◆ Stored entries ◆
↓↓↓

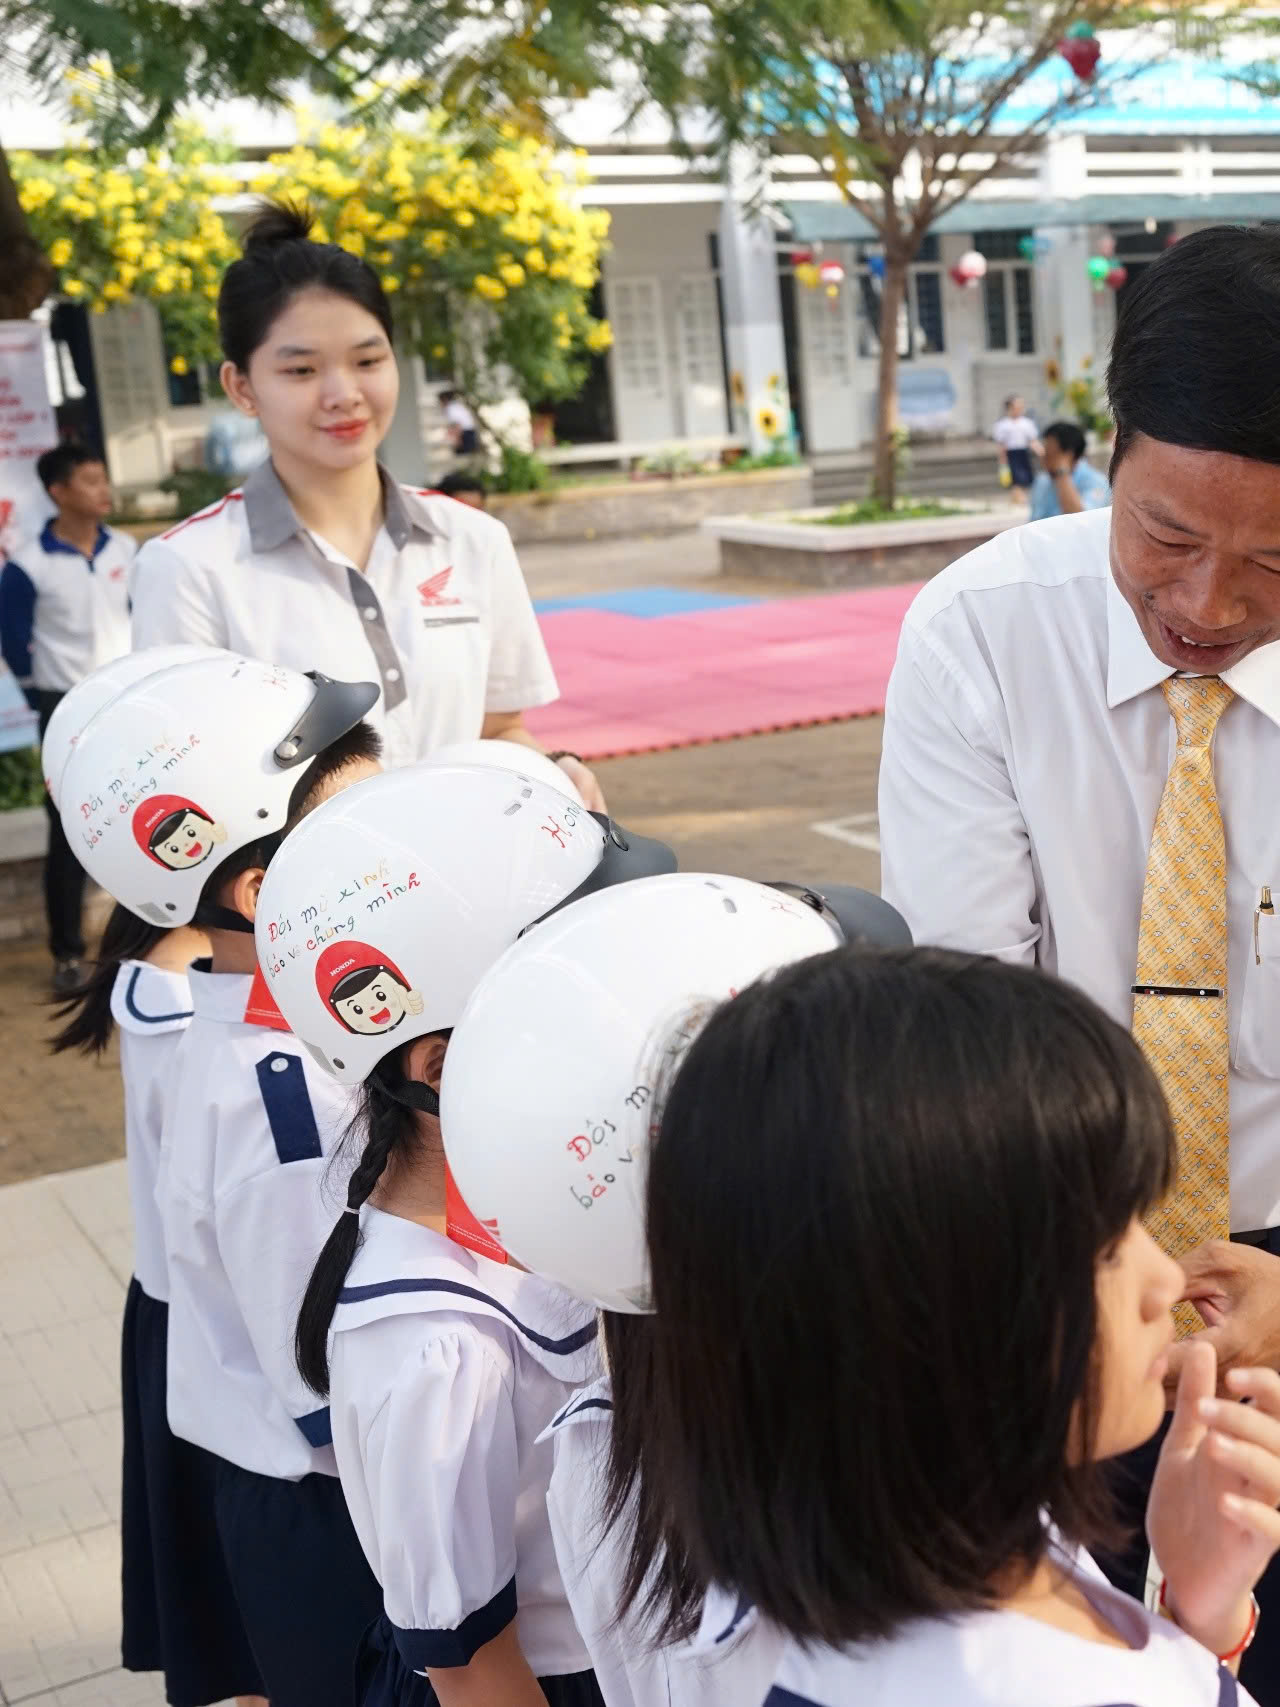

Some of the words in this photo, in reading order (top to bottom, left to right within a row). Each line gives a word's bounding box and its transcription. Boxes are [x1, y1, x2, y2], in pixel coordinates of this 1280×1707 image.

[306, 916, 355, 950] chúng
[329, 958, 356, 977] HONDA
[570, 1173, 615, 1210] bảo
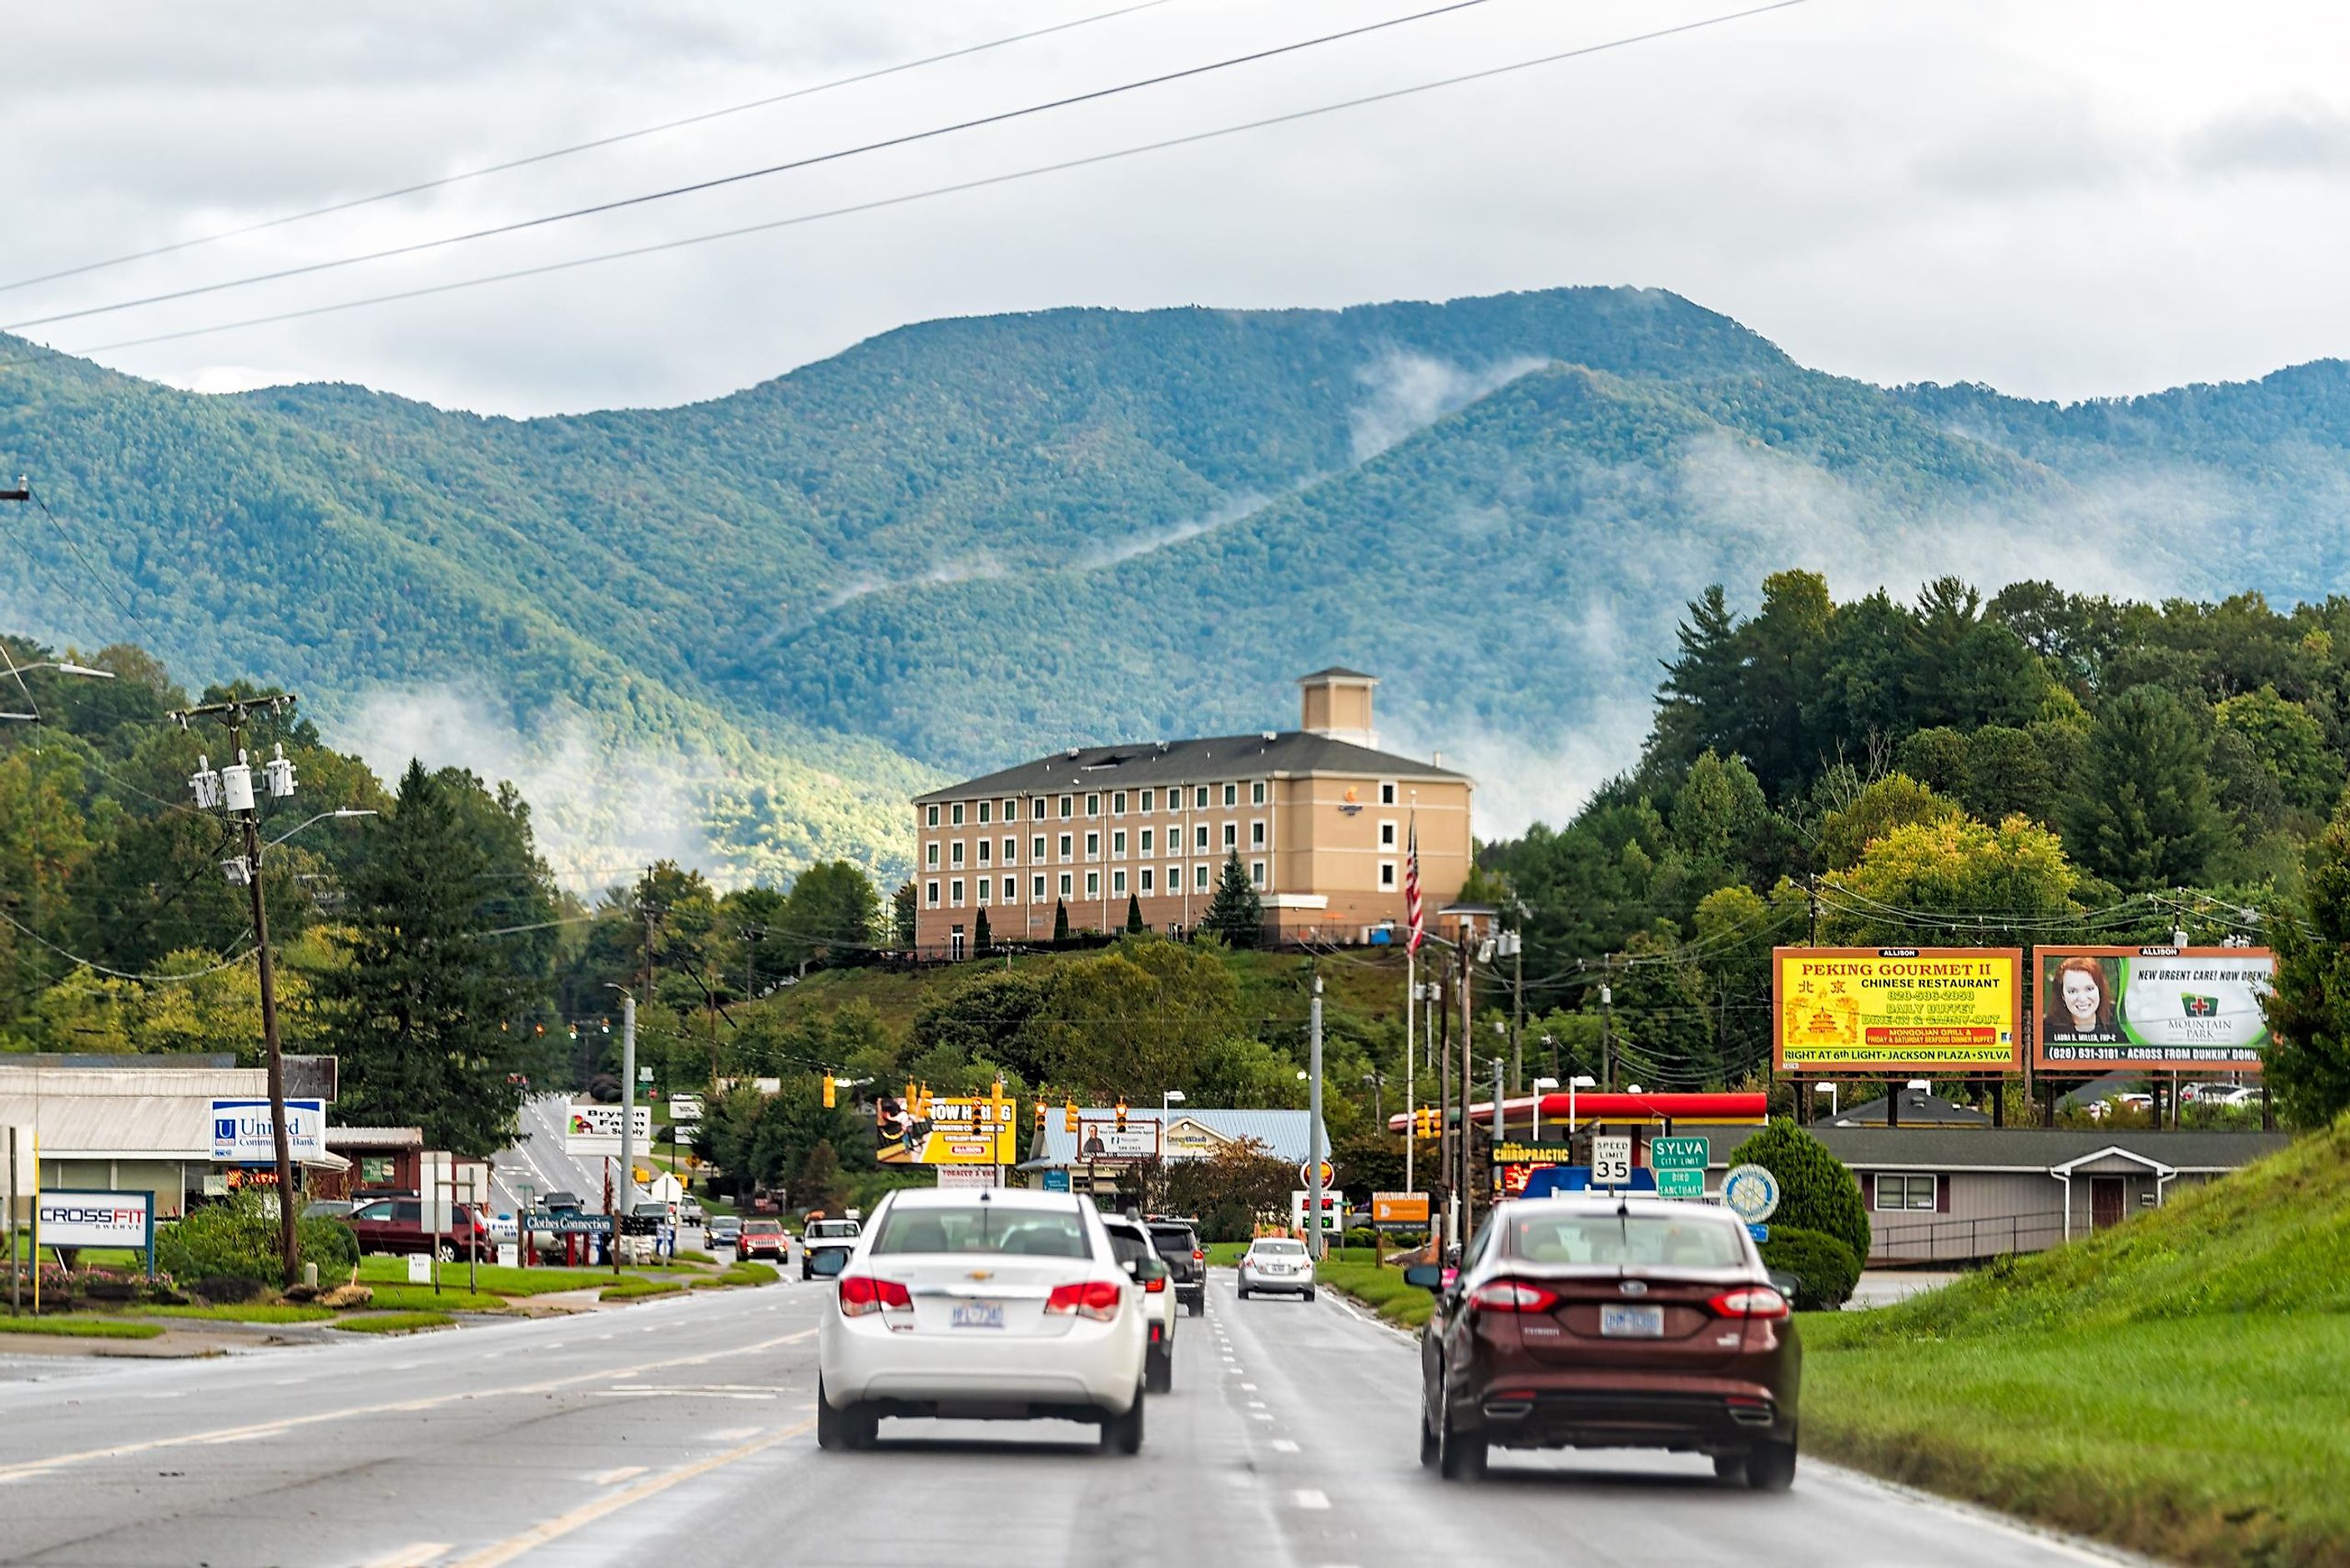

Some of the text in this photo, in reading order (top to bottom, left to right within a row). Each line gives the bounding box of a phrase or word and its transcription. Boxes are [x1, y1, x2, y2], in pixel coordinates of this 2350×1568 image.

[1803, 964, 1991, 976] PEKING GOURMET II
[2138, 970, 2157, 981] NEW
[2159, 970, 2191, 981] URGENT
[2193, 970, 2218, 981] CARE!
[2220, 971, 2242, 981] NOW
[1861, 979, 2000, 988] CHINESE RESTAURANT
[1886, 1004, 1975, 1014] DAILY BUFFET
[1862, 1014, 1910, 1025] DINE-IN
[1926, 1014, 2000, 1025] CARRY-OUT
[2169, 1020, 2231, 1029] MOUNTAIN
[1894, 1036, 1924, 1044] SATURDAY
[2186, 1030, 2215, 1039] PARK
[1785, 1051, 1815, 1060] RIGHT
[1818, 1051, 1833, 1060] AT
[1833, 1051, 1849, 1061] 6th
[1887, 1051, 1935, 1060] JACKSON
[1937, 1051, 1973, 1060] PLAZA
[1977, 1051, 2010, 1060] SYLVA
[2049, 1046, 2076, 1060] (828)
[2127, 1047, 2163, 1060] ACROSS
[2165, 1048, 2191, 1060] FROM
[2193, 1048, 2231, 1060] DUNKIN'
[2232, 1048, 2261, 1060] DONU
[961, 1105, 1011, 1122] HRIG
[241, 1117, 299, 1135] Unid
[612, 1127, 645, 1137] Suly
[292, 1137, 315, 1147] Bank
[1596, 1142, 1629, 1150] SPEED
[1657, 1142, 1704, 1155] SYLVA
[1493, 1148, 1569, 1162] CHIROPRACTIC
[1596, 1161, 1628, 1178] 35
[1672, 1172, 1690, 1182] BIRD
[1658, 1185, 1702, 1196] SANCTUARY
[41, 1208, 147, 1223] CROSSFIT
[527, 1216, 611, 1230] Clothes Connection
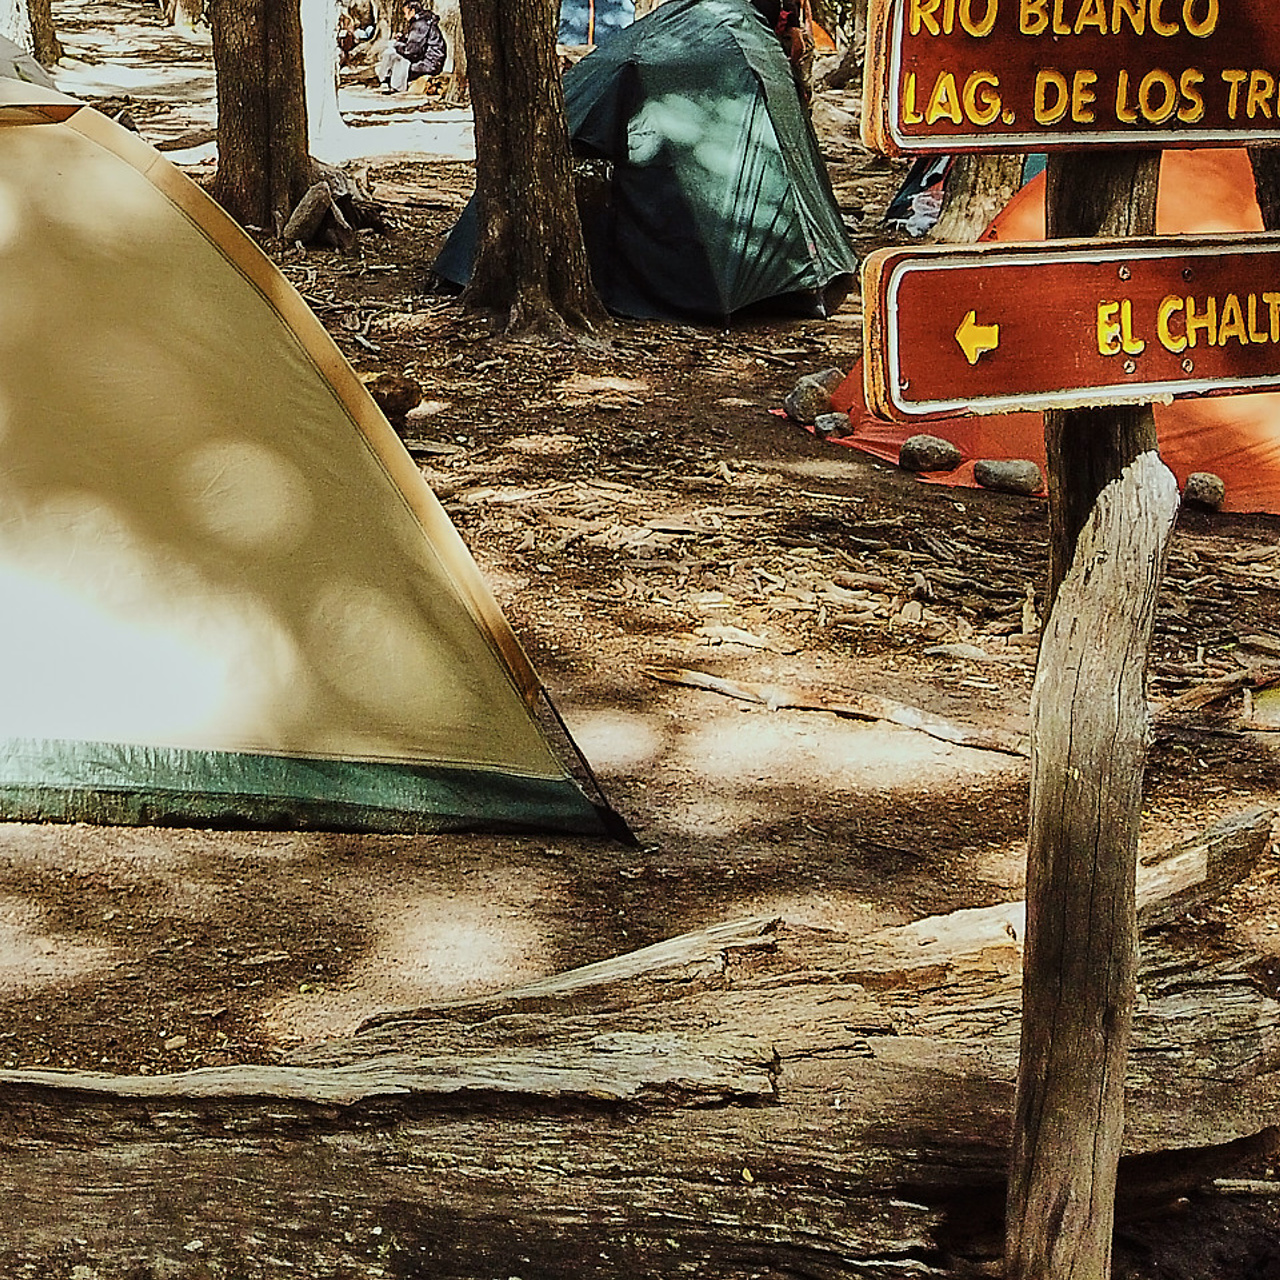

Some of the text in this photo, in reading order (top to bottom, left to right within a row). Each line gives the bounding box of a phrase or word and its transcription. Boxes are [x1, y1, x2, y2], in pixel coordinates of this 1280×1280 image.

↑↑↑

◆ What is being asked ◆
Omit the pictures. Write out exactly the lines from the one containing "this 2350×1568 image." through the last line of the entries, both of them included.

◆ Answer box ◆
Some of the text in this photo, in reading order (top to bottom, left to right within a row). Each line gives the bounding box of a phrase or word and its transcription. Boxes are [x1, y1, x2, y2], in pixel coordinates of this 2350×1568 image.

[1803, 964, 1991, 976] PEKING GOURMET II
[2138, 970, 2157, 981] NEW
[2159, 970, 2191, 981] URGENT
[2193, 970, 2218, 981] CARE!
[2220, 971, 2242, 981] NOW
[1861, 979, 2000, 988] CHINESE RESTAURANT
[1886, 1004, 1975, 1014] DAILY BUFFET
[1862, 1014, 1910, 1025] DINE-IN
[1926, 1014, 2000, 1025] CARRY-OUT
[2169, 1020, 2231, 1029] MOUNTAIN
[1894, 1036, 1924, 1044] SATURDAY
[2186, 1030, 2215, 1039] PARK
[1785, 1051, 1815, 1060] RIGHT
[1818, 1051, 1833, 1060] AT
[1833, 1051, 1849, 1061] 6th
[1887, 1051, 1935, 1060] JACKSON
[1937, 1051, 1973, 1060] PLAZA
[1977, 1051, 2010, 1060] SYLVA
[2049, 1046, 2076, 1060] (828)
[2127, 1047, 2163, 1060] ACROSS
[2165, 1048, 2191, 1060] FROM
[2193, 1048, 2231, 1060] DUNKIN'
[2232, 1048, 2261, 1060] DONU
[961, 1105, 1011, 1122] HRIG
[241, 1117, 299, 1135] Unid
[612, 1127, 645, 1137] Suly
[292, 1137, 315, 1147] Bank
[1596, 1142, 1629, 1150] SPEED
[1657, 1142, 1704, 1155] SYLVA
[1493, 1148, 1569, 1162] CHIROPRACTIC
[1596, 1161, 1628, 1178] 35
[1672, 1172, 1690, 1182] BIRD
[1658, 1185, 1702, 1196] SANCTUARY
[41, 1208, 147, 1223] CROSSFIT
[527, 1216, 611, 1230] Clothes Connection

Some of the text in this photo, in reading order (top to bottom, left to right within a row). Each line gives the bounding box of a phrase or word and its transcription. Boxes are [x1, y1, x2, y2], in pixel coordinates of this 1280×1280 image.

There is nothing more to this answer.